China holds up its space programme as a symbol of the nation's growing global stature and technical expertise. (NASA)

China is laying out a five-year space plan to introduce cleaner fuels that will power its next generation of rockets that will launch cargo and a space station.

China said on Thursday cleaner fuel will power its next-generation rockets, which will launch heavy cargoes into space, bringing nearer plans to build a space station and put a man on the moon.

In a white paper outlining its ambitious space programme's five-year plan, the China National Space Administration (CNSA) said the Long March-5 rockets "will use non-toxic and pollution-free propellant".

Speaking at press briefing outlining the paper, CNSA spokesman Zhang Wei said the rockets would be capable of placing 25-tonne payloads into near-Earth orbit.

China holds up its space programme as a symbol of the nation's growing global stature and technical expertise, and of the ruling Communist Party's success in turning around the fortunes of the once poverty-stricken nation.

Morris Jones, an independent space expert based in Sydney, told AFP the announcement was significant.

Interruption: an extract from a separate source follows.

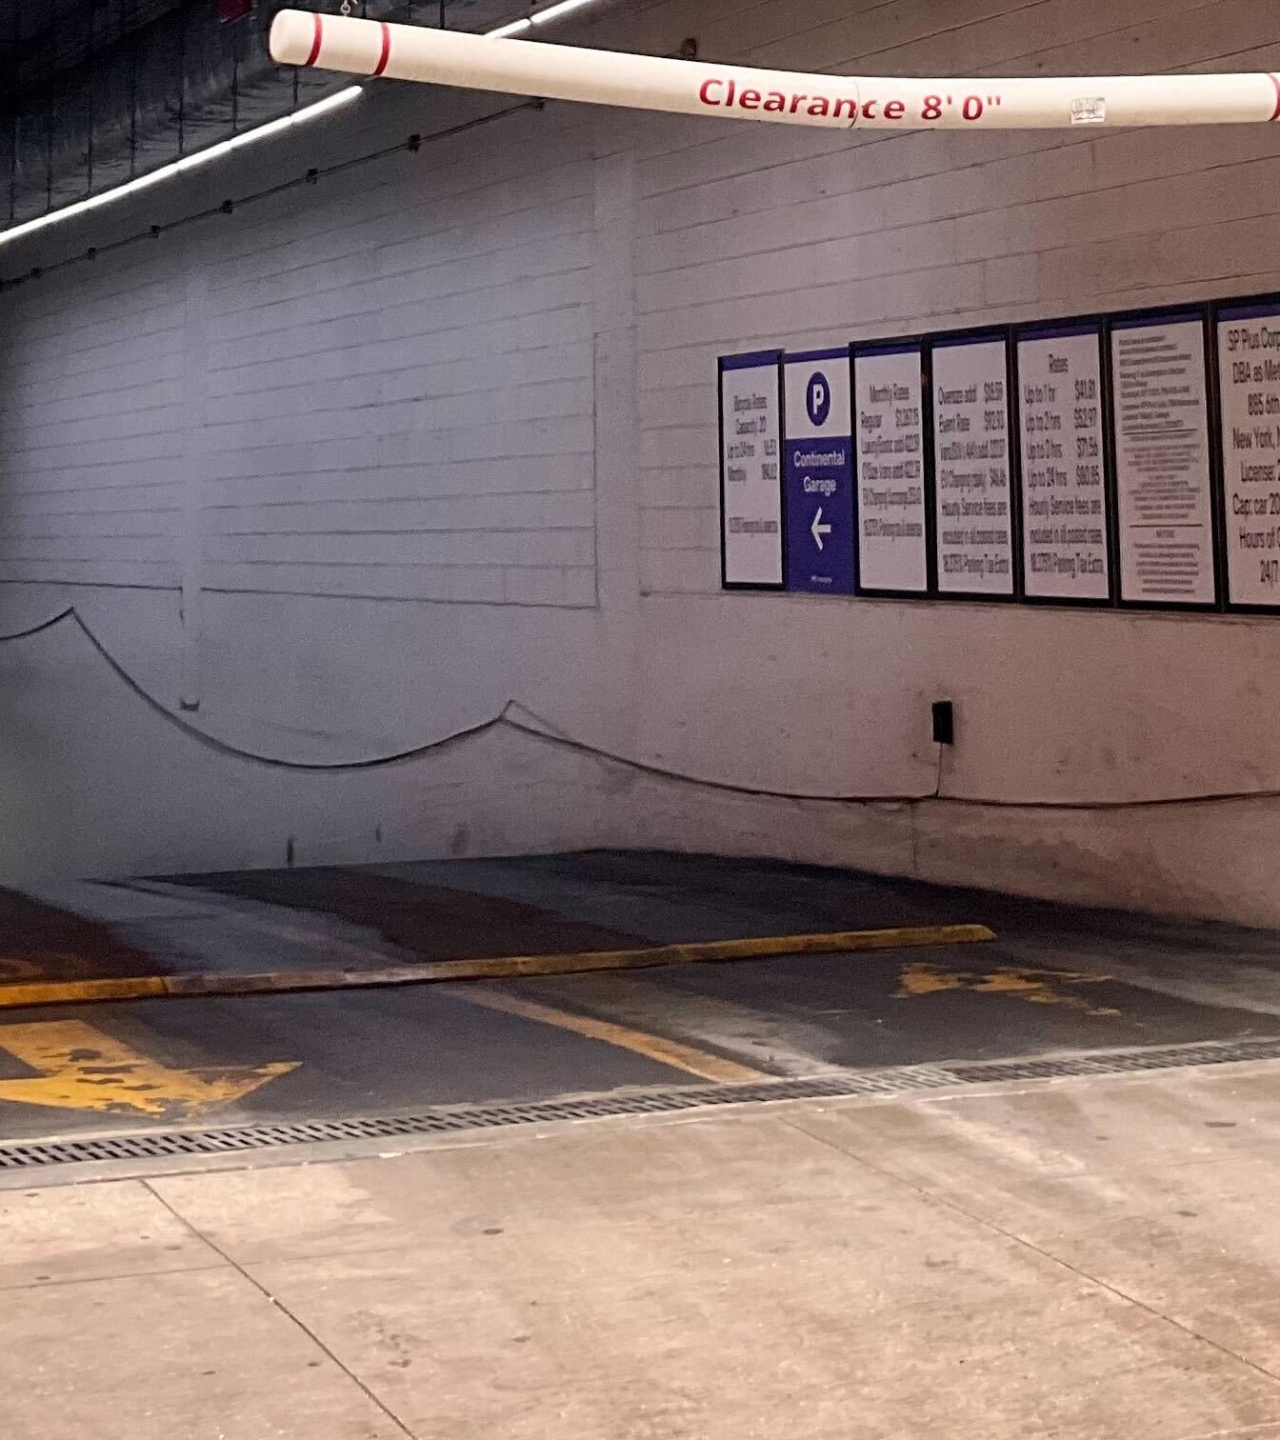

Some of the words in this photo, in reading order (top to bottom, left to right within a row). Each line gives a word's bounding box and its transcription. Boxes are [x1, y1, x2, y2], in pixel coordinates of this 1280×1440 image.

"It's impressive that China's reached that stage with this next round of heavy-lift vehicles, so crucial to reaching their goal of building a space station by 2020," he said.

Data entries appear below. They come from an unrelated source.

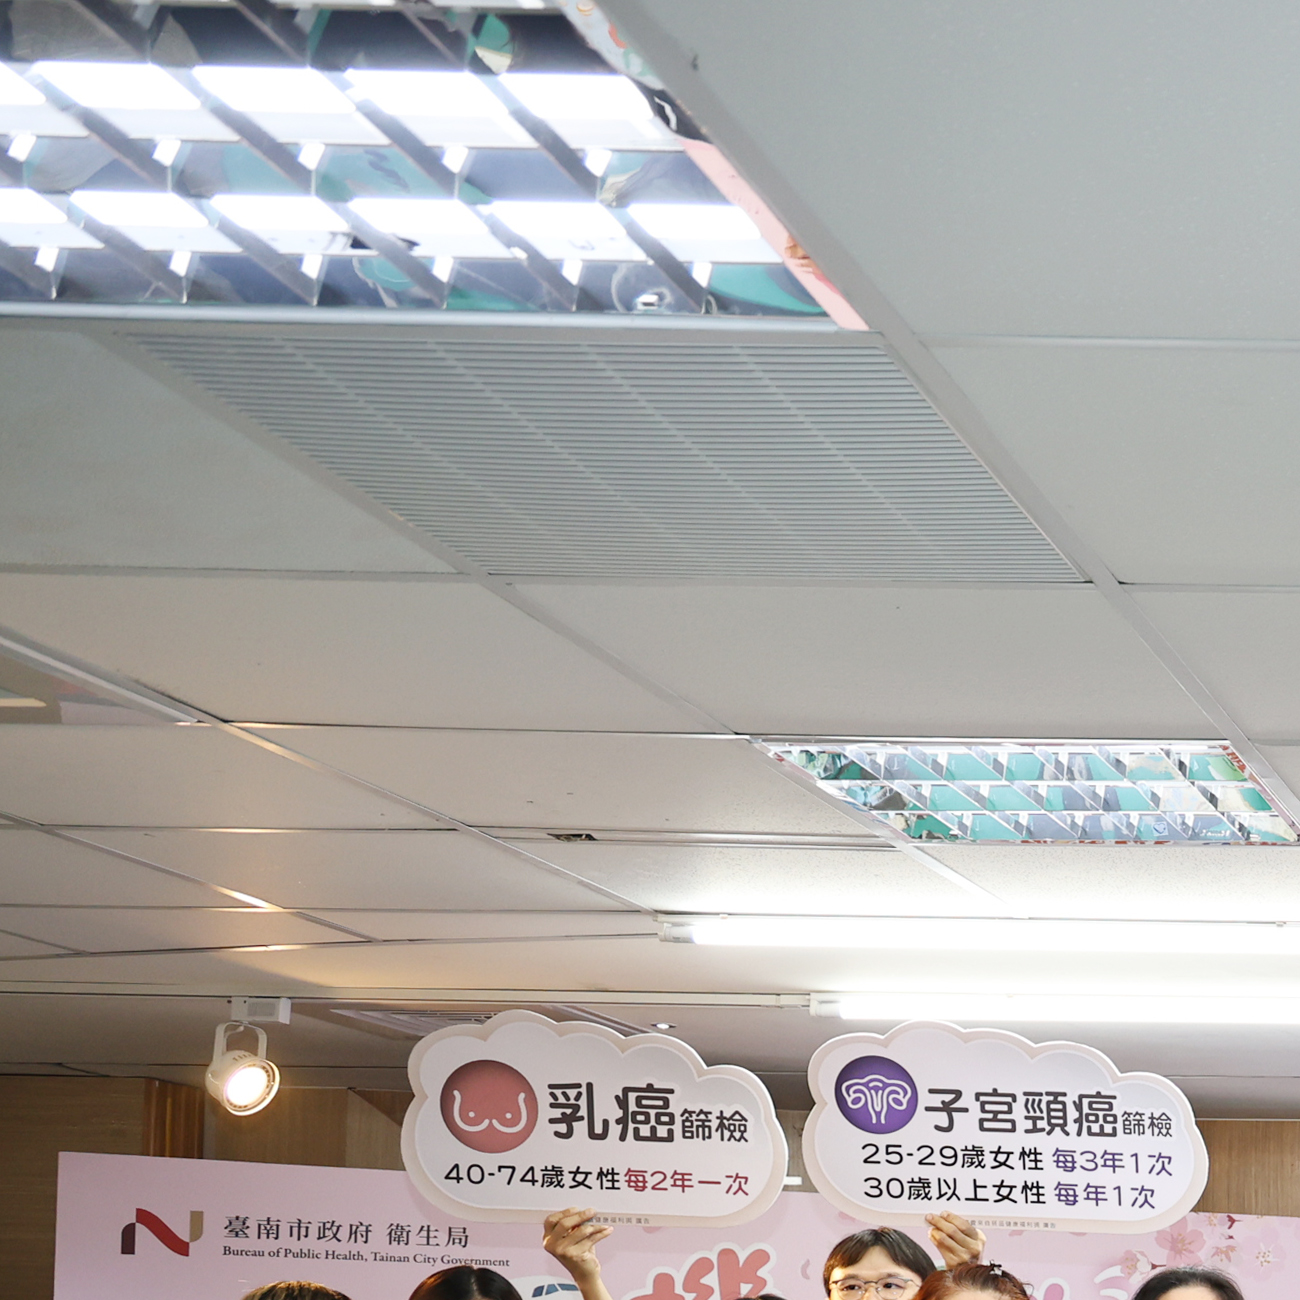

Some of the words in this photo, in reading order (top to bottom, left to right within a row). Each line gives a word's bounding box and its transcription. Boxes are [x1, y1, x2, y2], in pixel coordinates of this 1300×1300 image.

[547, 1081, 749, 1143] 乳癌篩檢
[924, 1087, 1174, 1138] 子宮頸癌篩檢
[861, 1143, 1045, 1172] 25-29歲女性
[444, 1163, 750, 1197] 40-74歲女性每2年一次
[863, 1176, 1047, 1205] 30歲以上女性
[223, 1215, 374, 1244] 臺南市政府
[387, 1222, 470, 1248] 衛生局
[222, 1245, 266, 1258] Bureau
[268, 1247, 284, 1260] of
[284, 1248, 322, 1261] Public
[325, 1250, 368, 1263] Health,
[371, 1251, 410, 1263] Tainan
[413, 1253, 439, 1267] City
[440, 1254, 510, 1267] Government

China's space agency said previously announced plans would go ahead over the next five years, among them establishing a launch pad on the southern island of Hainan, launching lunar orbiters and probes and researching a manned moon landing.

The white paper offered no timetable for plans to launch and dock the Shenzhou IX and X rockets onto China's Tiangong-1 experimental space module in 2012. At least one of these rockets is expected to be manned.

In November, the unmanned Shenzhou VIII spacecraft returned to Earth after completing two space dockings with Tiangong-1 in the nation's first ever hard-to-master "space kiss", bringing together two vessels in high speed orbit.

Appearing to try to allay international concerns about China's potential militarisation of space, the agency said China wanted to "utilise outer space for peaceful purposes" - a claim Morris disputed.

"No nation that has a respectable major space program has an entirely peaceful program," he said, noting China had tested anti-satellite weapons by blowing up one of its own in 2007.

"The world over, space technologies are used for military communications and to deploy spy satellites. China's no different," Jones said.